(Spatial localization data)
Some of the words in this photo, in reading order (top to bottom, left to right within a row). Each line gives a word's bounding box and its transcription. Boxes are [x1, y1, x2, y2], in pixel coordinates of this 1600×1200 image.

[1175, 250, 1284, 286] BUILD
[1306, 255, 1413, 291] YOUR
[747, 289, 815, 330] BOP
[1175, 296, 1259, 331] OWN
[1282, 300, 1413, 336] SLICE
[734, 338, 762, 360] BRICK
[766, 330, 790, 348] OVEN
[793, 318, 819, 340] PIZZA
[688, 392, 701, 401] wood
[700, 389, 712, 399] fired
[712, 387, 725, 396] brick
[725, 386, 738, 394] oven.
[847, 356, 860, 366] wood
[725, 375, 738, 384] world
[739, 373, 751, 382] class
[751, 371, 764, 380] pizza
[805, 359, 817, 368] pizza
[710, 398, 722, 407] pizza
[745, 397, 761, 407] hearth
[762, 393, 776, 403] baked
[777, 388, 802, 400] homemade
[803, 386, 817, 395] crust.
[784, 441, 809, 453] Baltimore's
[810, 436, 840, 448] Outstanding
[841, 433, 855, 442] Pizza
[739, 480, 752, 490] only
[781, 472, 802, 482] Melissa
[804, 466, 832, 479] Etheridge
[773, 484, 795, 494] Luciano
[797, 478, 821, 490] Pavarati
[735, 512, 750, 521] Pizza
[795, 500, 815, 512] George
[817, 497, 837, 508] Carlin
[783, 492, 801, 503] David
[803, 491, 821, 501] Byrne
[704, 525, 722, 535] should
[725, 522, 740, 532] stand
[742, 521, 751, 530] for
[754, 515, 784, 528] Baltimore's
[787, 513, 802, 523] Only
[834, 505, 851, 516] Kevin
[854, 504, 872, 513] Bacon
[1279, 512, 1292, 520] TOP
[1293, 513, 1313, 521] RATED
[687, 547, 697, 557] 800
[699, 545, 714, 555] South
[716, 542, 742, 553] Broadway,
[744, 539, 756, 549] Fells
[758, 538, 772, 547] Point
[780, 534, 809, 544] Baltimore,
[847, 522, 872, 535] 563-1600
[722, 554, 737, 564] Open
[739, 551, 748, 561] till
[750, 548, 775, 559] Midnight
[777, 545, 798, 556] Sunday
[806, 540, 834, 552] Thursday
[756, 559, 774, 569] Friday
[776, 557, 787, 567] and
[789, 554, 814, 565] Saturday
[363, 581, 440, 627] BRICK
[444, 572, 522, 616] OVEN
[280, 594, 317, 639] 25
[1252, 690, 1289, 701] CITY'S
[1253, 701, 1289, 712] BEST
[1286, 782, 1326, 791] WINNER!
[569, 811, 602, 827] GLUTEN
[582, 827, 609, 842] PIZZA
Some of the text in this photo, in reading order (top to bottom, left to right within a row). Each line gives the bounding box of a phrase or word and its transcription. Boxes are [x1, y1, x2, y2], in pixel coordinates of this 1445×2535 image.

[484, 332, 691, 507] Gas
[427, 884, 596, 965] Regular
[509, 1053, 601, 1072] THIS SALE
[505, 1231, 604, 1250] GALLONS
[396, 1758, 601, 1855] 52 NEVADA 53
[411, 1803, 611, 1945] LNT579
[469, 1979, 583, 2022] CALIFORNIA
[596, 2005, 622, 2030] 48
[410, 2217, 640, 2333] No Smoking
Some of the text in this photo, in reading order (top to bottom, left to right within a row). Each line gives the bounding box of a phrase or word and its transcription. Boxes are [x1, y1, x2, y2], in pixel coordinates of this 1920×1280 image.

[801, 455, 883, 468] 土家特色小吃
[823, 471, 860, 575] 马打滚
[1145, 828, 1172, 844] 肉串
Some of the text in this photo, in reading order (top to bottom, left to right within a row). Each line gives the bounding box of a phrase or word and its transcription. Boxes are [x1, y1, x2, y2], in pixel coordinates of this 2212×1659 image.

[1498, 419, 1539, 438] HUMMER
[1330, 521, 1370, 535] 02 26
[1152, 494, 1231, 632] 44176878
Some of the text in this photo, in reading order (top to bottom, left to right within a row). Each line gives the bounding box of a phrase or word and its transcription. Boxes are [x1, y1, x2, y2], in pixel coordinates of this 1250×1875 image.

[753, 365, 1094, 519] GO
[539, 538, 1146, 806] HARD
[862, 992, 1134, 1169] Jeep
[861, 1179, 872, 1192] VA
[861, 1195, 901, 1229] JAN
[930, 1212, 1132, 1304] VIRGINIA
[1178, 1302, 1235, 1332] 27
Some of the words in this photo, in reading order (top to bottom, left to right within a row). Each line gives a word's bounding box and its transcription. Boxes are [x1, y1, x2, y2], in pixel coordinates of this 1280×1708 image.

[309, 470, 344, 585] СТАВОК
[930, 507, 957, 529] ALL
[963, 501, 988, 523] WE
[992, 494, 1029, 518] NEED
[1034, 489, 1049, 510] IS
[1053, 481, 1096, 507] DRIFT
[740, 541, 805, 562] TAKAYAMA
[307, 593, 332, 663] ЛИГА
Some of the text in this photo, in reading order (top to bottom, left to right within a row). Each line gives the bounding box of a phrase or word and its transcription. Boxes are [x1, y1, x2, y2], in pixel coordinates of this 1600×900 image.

**Required action:**
Set down no line except those from the one with "this 1280×1708 image." to the last line of the data, inclusive, each exactly as written.

**Answer for this exercise:**
Some of the words in this photo, in reading order (top to bottom, left to right within a row). Each line gives a word's bounding box and its transcription. Boxes are [x1, y1, x2, y2], in pixel coordinates of this 1280×1708 image.

[309, 470, 344, 585] СТАВОК
[930, 507, 957, 529] ALL
[963, 501, 988, 523] WE
[992, 494, 1029, 518] NEED
[1034, 489, 1049, 510] IS
[1053, 481, 1096, 507] DRIFT
[740, 541, 805, 562] TAKAYAMA
[307, 593, 332, 663] ЛИГА
Some of the text in this photo, in reading order (top to bottom, left to right within a row). Each line gives the bounding box of a phrase or word and its transcription. Boxes are [x1, y1, x2, y2], in pixel coordinates of this 1600×900 image.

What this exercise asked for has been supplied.